The synthetic chemoattractant peptide WKYMVm induces superoxide production by human eosinophils via the phosphoinositide 3-kinase-mediated activation of ERK1/2.

Eosinophils play a key role in allergic inflammation and parasitic infections. The synthetic peptide, Trp-Lys-Tyr-Met-Val-D-Met (WKYMVm), has been previously shown to activate eosinophils and thus to enhance respiratory burst through the formyl peptide receptors. This study was undertaken to determine the intracellular signaling pathway involved in WKYMVm-stimulated superoxide production by human eosinophils.
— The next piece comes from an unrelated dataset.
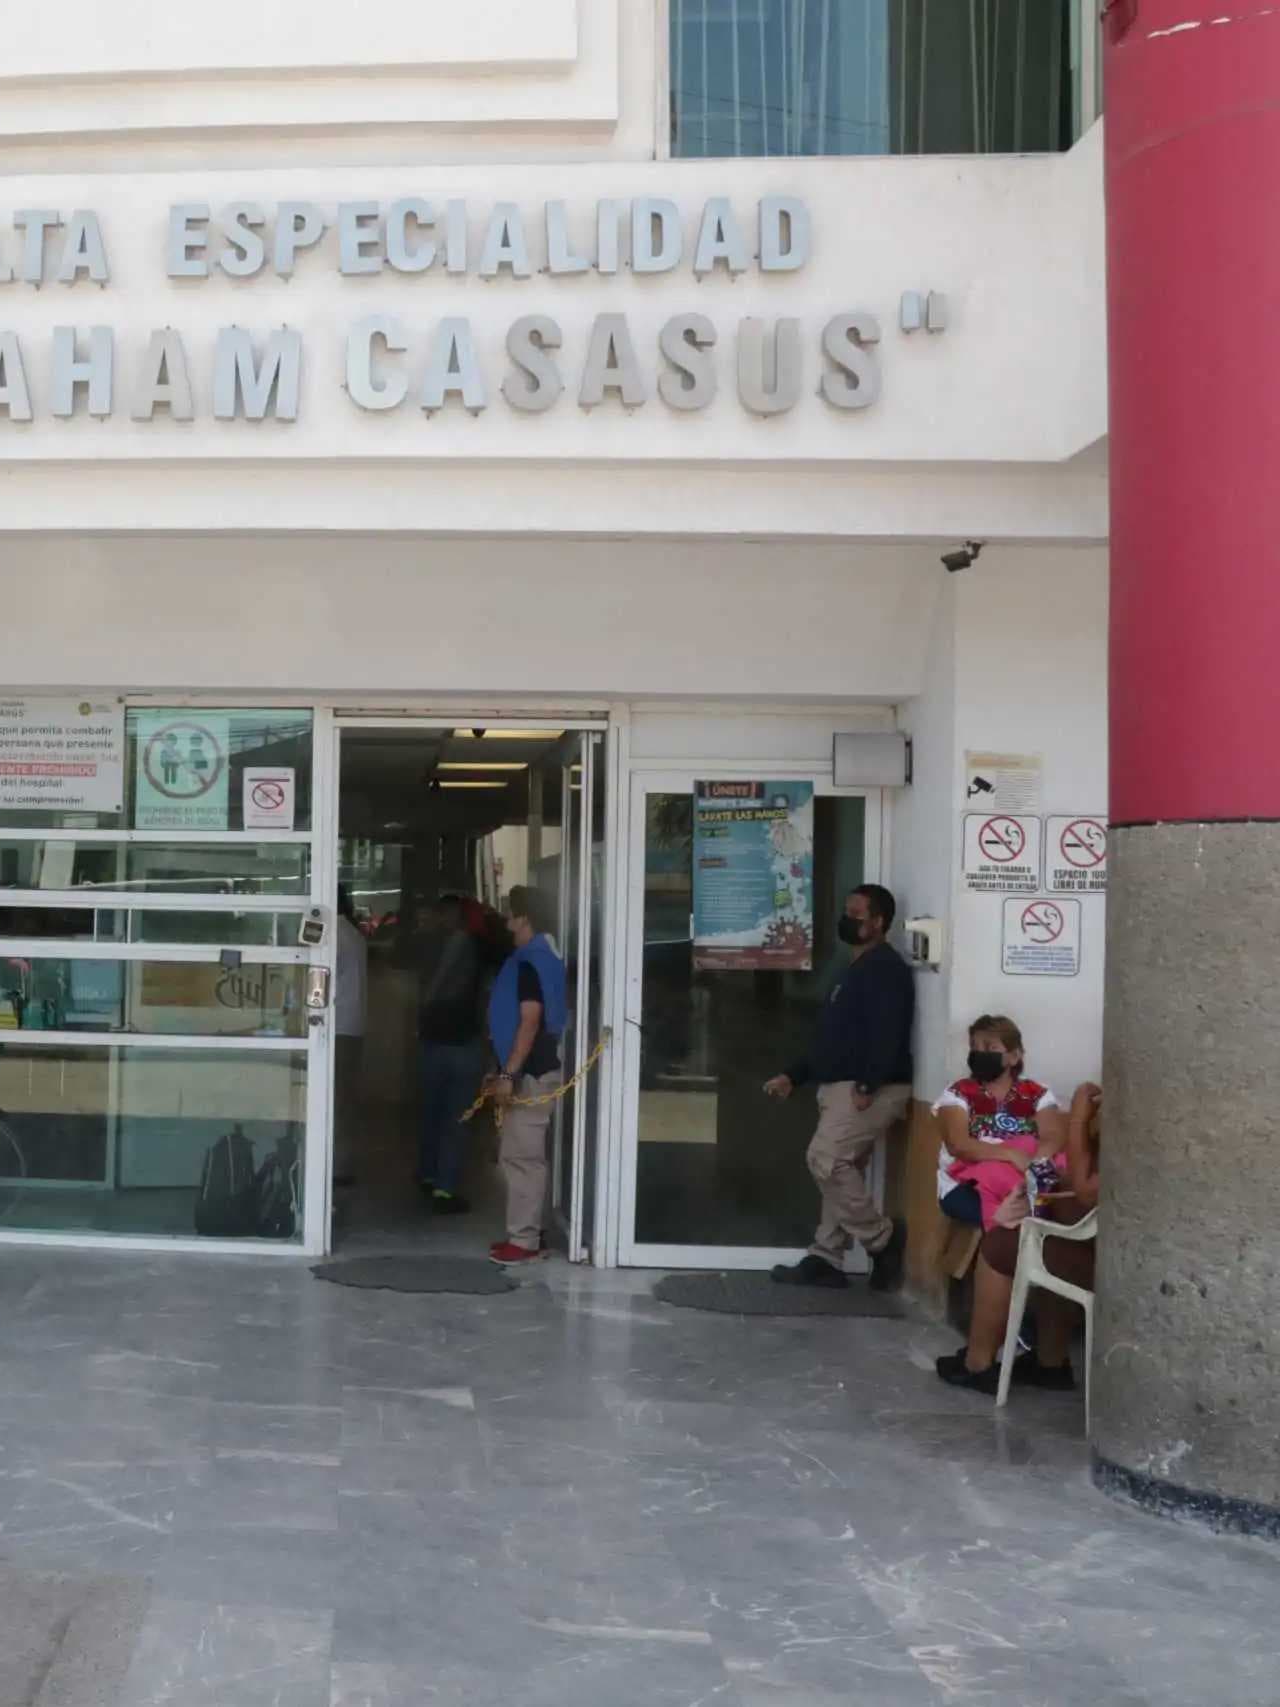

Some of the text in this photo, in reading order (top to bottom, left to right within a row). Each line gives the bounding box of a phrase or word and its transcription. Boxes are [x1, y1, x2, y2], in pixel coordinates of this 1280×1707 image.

[167, 197, 813, 279] ESPECIALIDAD
[1053, 869, 1088, 879] ESPACIO
[1053, 880, 1075, 890] LIBRE
[1077, 880, 1086, 890] DE
Purified eosinophils from peripheral blood were stimulated with various concentrations (10(-3) to 10 microM) of WKYMVm and the involvement of PI3-kinase and MAP kinases in WKYMVm-triggered superoxide production was investigated using pharmacological inhibitors. WKYMVm-induced superoxide production by eosinophils was strongly inhibited by pretreatment with the PI3-kinase inhibitor LY294002. In addition, pretreatment with the ERK1/2 kinase inhibitor PD98059 resulted in marked inhibition of superoxide production induced by WKYMVm. Indeed, WKYMVm strongly induced phosphorylation of ERK1/2. The ERK1/2 activation by the peptide was transient and peaked after 2 min of stimulation. Furthermore, ERK1/2 activation by WKYMVm was completely inhibited by pretreatment with the PI3-kinase inhibitor LY294002, but not by the PKC inhibitor Ro-31-8220. These results suggest that WKYMVm stimulates human eosinophils to induce superoxide production via a PI3-kinase-mediated ERK1/2 pathway.